Allora è meglio rincorrere la fantasia con Excalibur, film del 1981, adattamento della leggenda di Re Artù, dove il Graal è un elemento fondamentale della ricerca dei Cavalieri della Tavola Rotonda. La sua connessione con il mito arturiano lo rende uno degli oggetti più ambiti e misteriosi della storia. Oppure ridere con Monty Python e il Sacro Graal, film parodistico del 1975 in cui i Cavalieri della Tavola Rotonda si imbarcano in una serie di disavventure alla ricerca del Graal…
Ma esiste veramente il Graal?
Che sia esistito è indubbio, ma che sia stato conservato e poi trovato questo è più complesso da stabilire. Oggi i Graal sono almeno quattro. Esiste il Graal di Arculfo del VII secolo, prima testimonianza storica di un calice associato all’Ultima Cena arrivata dal pellegrino anglo-sassone Arculfo, che nel VII secolo racconta di aver visto e toccato un calice argenteo a due manici. Secondo Arculfo, questo oggetto sacro sarebbe stato custodito in un reliquiario all’interno di una cappella, situata tra la basilica del Golgota e il Martirio, vicino a Gerusalemme. La sua è l’unica fonte antica che colloca il Graal in Terra Santa. Poi c’è il Graal di Costantinopoli del XIII secolo. Il racconto affonda le radici nel romanzo tedesco Il giovane Titurel, che narra di un Graal trafugato dalla chiesa del Boucoleon durante la Quarta Crociata e portato a Troyes da Garnier de Trainel, vescovo di Troyes, nel 1204. Questo calice, che sarebbe rimasto a Costantinopoli, viene menzionato in diverse fonti fino al 1610, quando sparì misteriosamente durante la Rivoluzione Francese.
E in Italia?
Per qualcuno il Graal è il Sacro Catino di Genova. È custodito nel Museo del Tesoro della Cattedrale di San Lorenzo a Genova e si tratta di una coppa di vetro verde egiziano, spesso descritta come intagliata in uno smeraldo. La tradizione vuole che il Sacro Catino sia stato portato a Genova da Guglielmo Embriaco durante la Prima Crociata (1096-1099). Sebbene l’origine dell’oggetto sia incerta, alcuni lo collegano alla moschea di Cesarea, mentre altre versioni suggeriscono che sia stato sottratto a Almería, in Spagna, dai genovesi durante la conquista da parte di Alfonso VII di Castiglia nel 1147. L’identificazione con il Graal risale almeno al XIII secolo, quando appare nelle cronache genovesi.
Quello vero è il Santo Cáliz di Valencia, il Calice di San Pietro?
Conservato nella Cattedrale di Valencia, in Spagna, il Santo Cáliz è una coppa di agata, con una base di calcedonio e un’iscrizione araba, è documentata per la prima volta nel 1399, quando fu ceduta dal monastero di San Juan de la Peña al re Martino I di Aragona.

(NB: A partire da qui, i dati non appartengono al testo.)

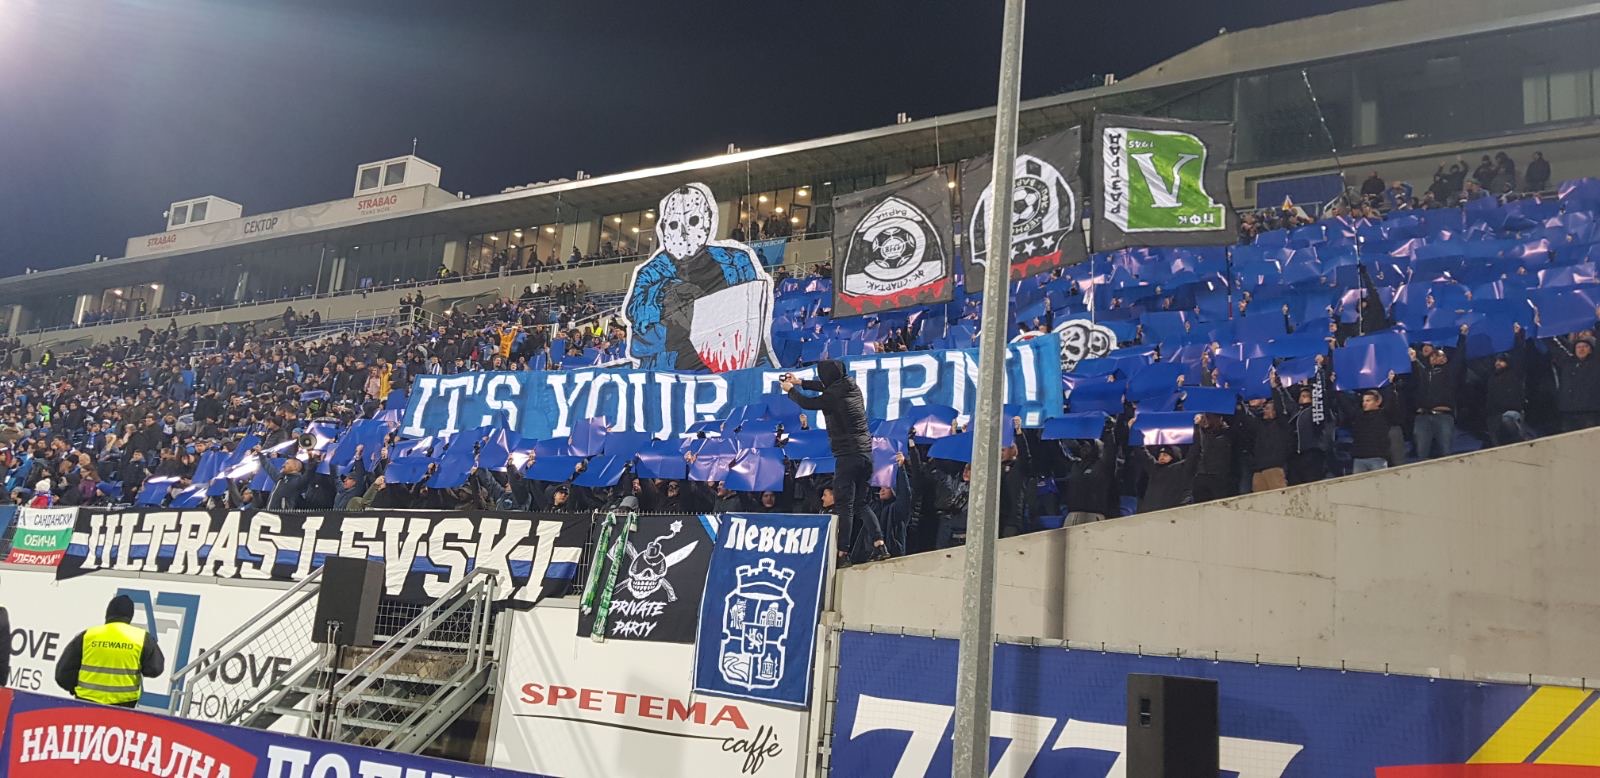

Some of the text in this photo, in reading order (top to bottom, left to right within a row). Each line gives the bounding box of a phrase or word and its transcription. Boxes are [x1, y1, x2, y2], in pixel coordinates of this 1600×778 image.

Secondo la leggenda, il Graal sarebbe stato portato a Roma da San Pietro e sarebbe arrivato a Valencia attraverso vicende legate a naufragi e misteriose tradizioni. Tra le ipotesi più affascinanti, alcune collegano il Santo Cáliz alla Nave Bianca, una nave leggendaria che avrebbe trasportato il Graal attraverso il Mediterraneo. Per gli spagnoli il vero Graal è questo.

La ricerca come destino
Nel mito medievale, il Graal appariva solo agli animi puri: non si conquistava con la forza, ma con la trasformazione interiore. È proprio questo che resta vivo nel suo significato moderno: l’idea che il valore non sia nella conquista, ma nella tensione verso qualcosa di più grande, di assoluto. Una tensione che attraversa secoli, culture e individui. Come ha intuito Kierkegaard, l’uomo è un essere “gettato” tra finito e infinito, costretto a desiderare ciò che non può afferrare. Il Graal, oggi, è quel desiderio stesso: un’idea regolativa, un fine ideale, una mancanza feconda. Nel pensiero moderno, il Graal non è un oggetto. È un vuoto che attira, una promessa che sfugge, un’idea che guida senza concedersi. È ciò che anima il cammino, non la meta in sé. E forse è proprio questo il suo paradosso: esiste solo nella misura in cui lo si cerca. Come scriveva il filosofo tedesco Ernst Bloch, «la speranza è orientata verso qualcosa che non c’è ancora, ma che dà forma all’oggi». Il Graal è quella speranza.
Il Graal in un mondo disincantato
La modernità ha perso gran parte dei suoi simboli religiosi tradizionali. In una società secolarizzata, il Sacro Graal ha cessato di appartenere alla sfera del sacro istituzionale, ma non per questo ha smesso di essere “sacro”. Lo è nel senso più originario del termine: separato, intoccabile, carico di significato. Il suo potere sta proprio nel non appartenere del tutto a questo mondo. Il suo volto cambia con i tempi: per lo scienziato è la teoria del tutto, per l’artista l’opera perfetta, per l’individuo la felicità piena o l’autenticità radicale. Eppure in ogni caso, il Graal rappresenta qualcosa che sfugge, che si nasconde appena viene nominato, e che per questo continua a muovere il nostro agire.
Il valore del desiderare
In fondo, il Sacro Graal ci ricorda che l’essere umano è un animale del desiderio. Non desideriamo solo ciò che ci manca, ma anche ciò che ci trascende. Il Graal è l’idea che esista qualcosa che valga la pena cercare, anche se non si troverà mai. È il paradosso che anima la filosofia, l’arte, la scienza, la fede. E forse è proprio questo il suo dono più profondo: renderci consapevoli che la verità non è qualcosa da possedere, ma un cammino da percorrere. In un mondo che chiede certezze rapide e soluzioni immediate, il Sacro Graal ci invita a sostare nell’incertezza, a vivere nella domanda, a custodire la sete.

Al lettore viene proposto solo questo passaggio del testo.